→ WHAT TO WORK ON
Copy each line below exactly as it appears. Pictures are to be omitted.

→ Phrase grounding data
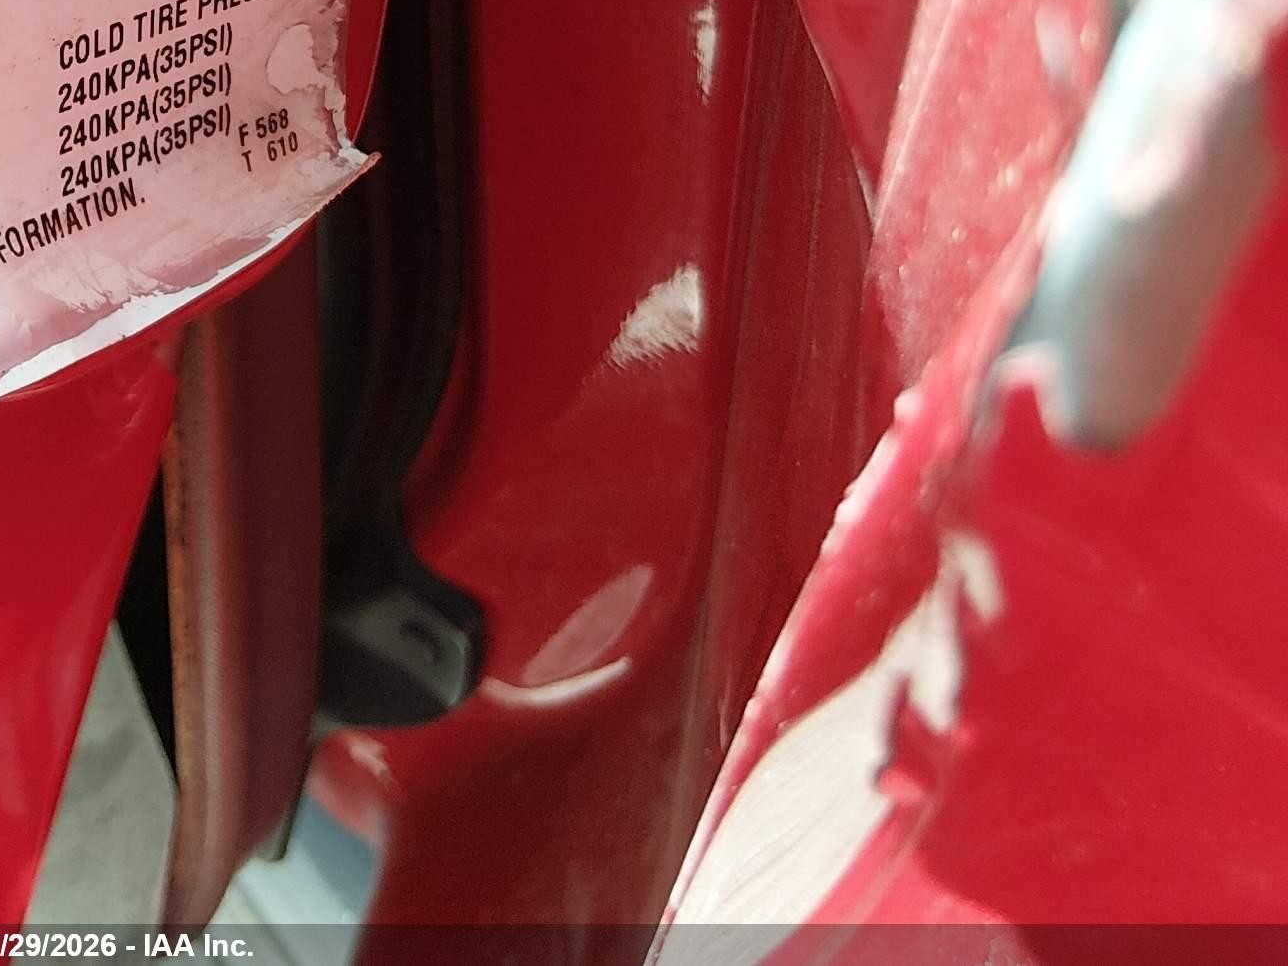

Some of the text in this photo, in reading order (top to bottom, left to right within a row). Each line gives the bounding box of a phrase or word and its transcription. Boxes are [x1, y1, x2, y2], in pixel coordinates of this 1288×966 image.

[57, 21, 233, 114] 240KPA(35PSI)
[59, 21, 125, 71] COLD
[58, 61, 232, 156] 240KPA(35PSI)
[237, 107, 290, 147] F 568
[60, 102, 232, 198] 240KPA(35PSI)
[240, 130, 299, 173] T 610
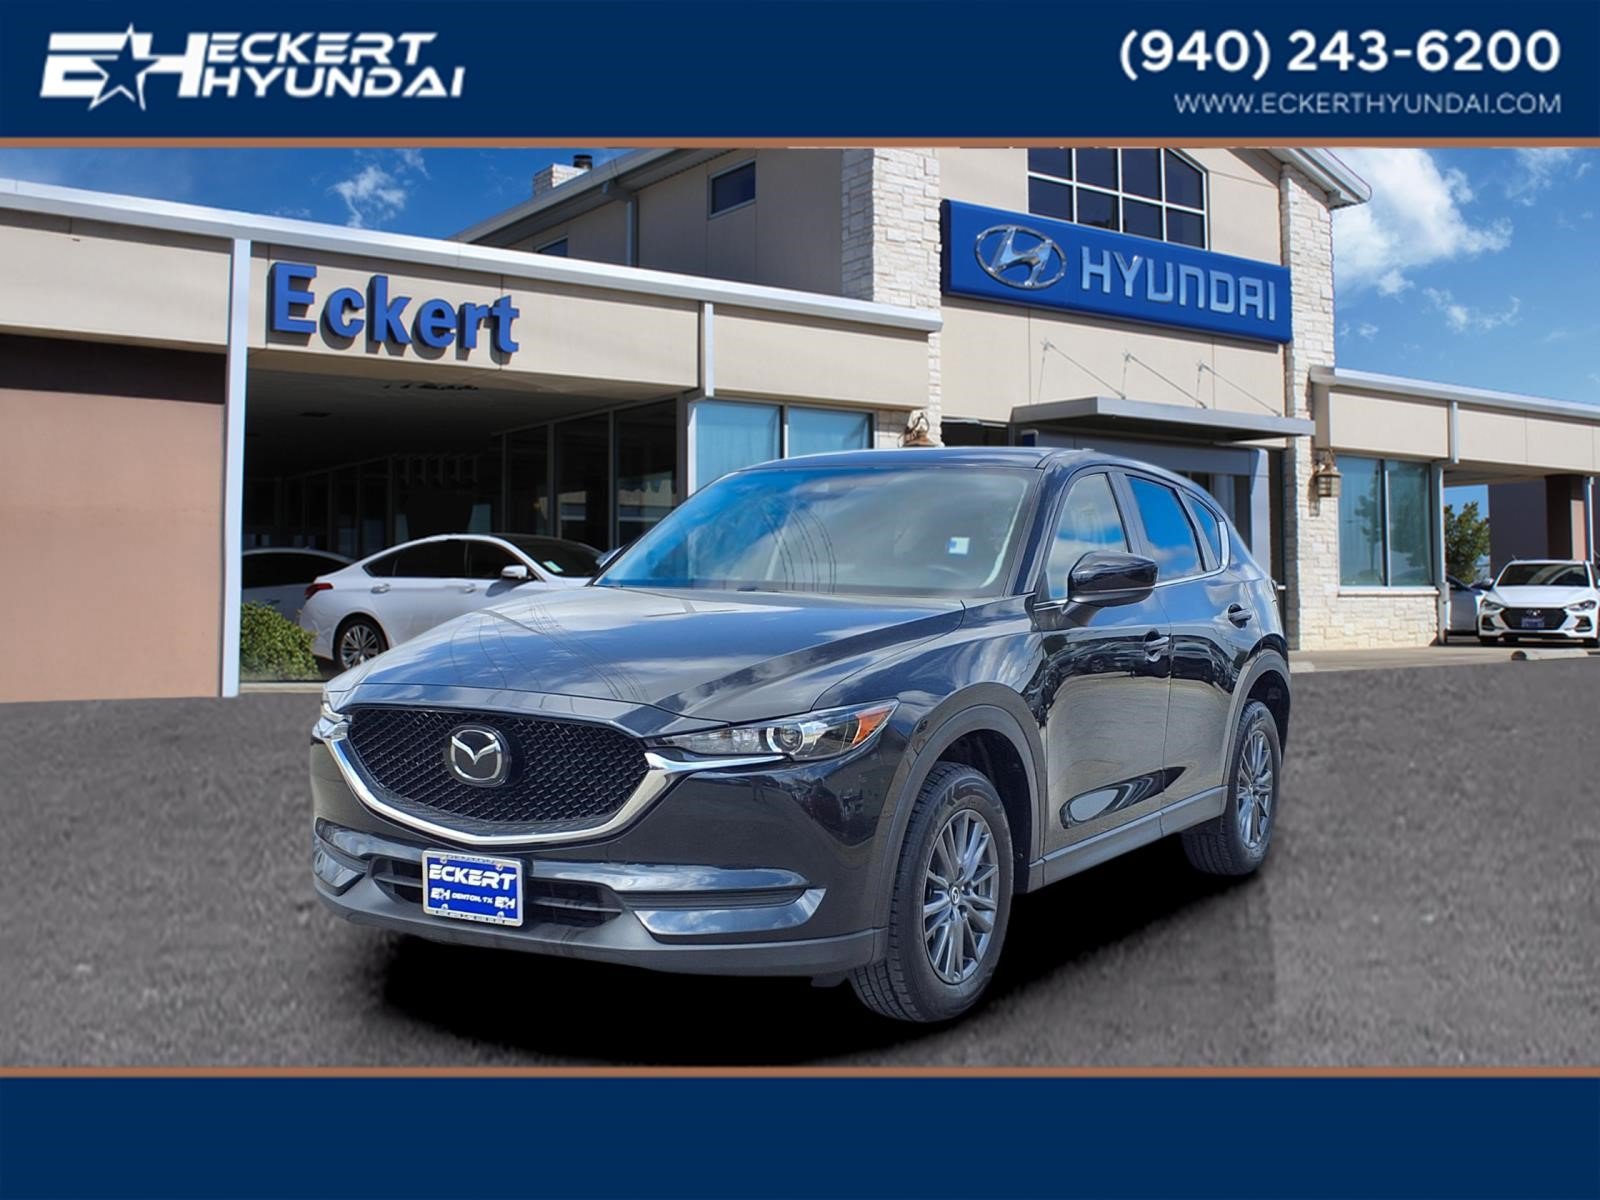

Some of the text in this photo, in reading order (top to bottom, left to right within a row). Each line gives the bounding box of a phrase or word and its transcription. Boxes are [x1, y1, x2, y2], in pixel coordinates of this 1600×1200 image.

[268, 262, 520, 353] Eckert
[1081, 246, 1276, 321] HYUNDAI
[429, 864, 517, 890] ECKERT

→ RESULT OF THIS TASK
Some of the text in this photo, in reading order (top to bottom, left to right within a row). Each line gives the bounding box of a phrase or word and its transcription. Boxes are [x1, y1, x2, y2], in pixel coordinates of this 1288×966 image.

[57, 21, 233, 114] 240KPA(35PSI)
[59, 21, 125, 71] COLD
[58, 61, 232, 156] 240KPA(35PSI)
[237, 107, 290, 147] F 568
[60, 102, 232, 198] 240KPA(35PSI)
[240, 130, 299, 173] T 610

Some of the text in this photo, in reading order (top to bottom, left to right within a row). Each line gives the bounding box of a phrase or word and its transcription. Boxes are [x1, y1, x2, y2], in pixel coordinates of this 1600×1200 image.

[268, 262, 520, 353] Eckert
[1081, 246, 1276, 321] HYUNDAI
[429, 864, 517, 890] ECKERT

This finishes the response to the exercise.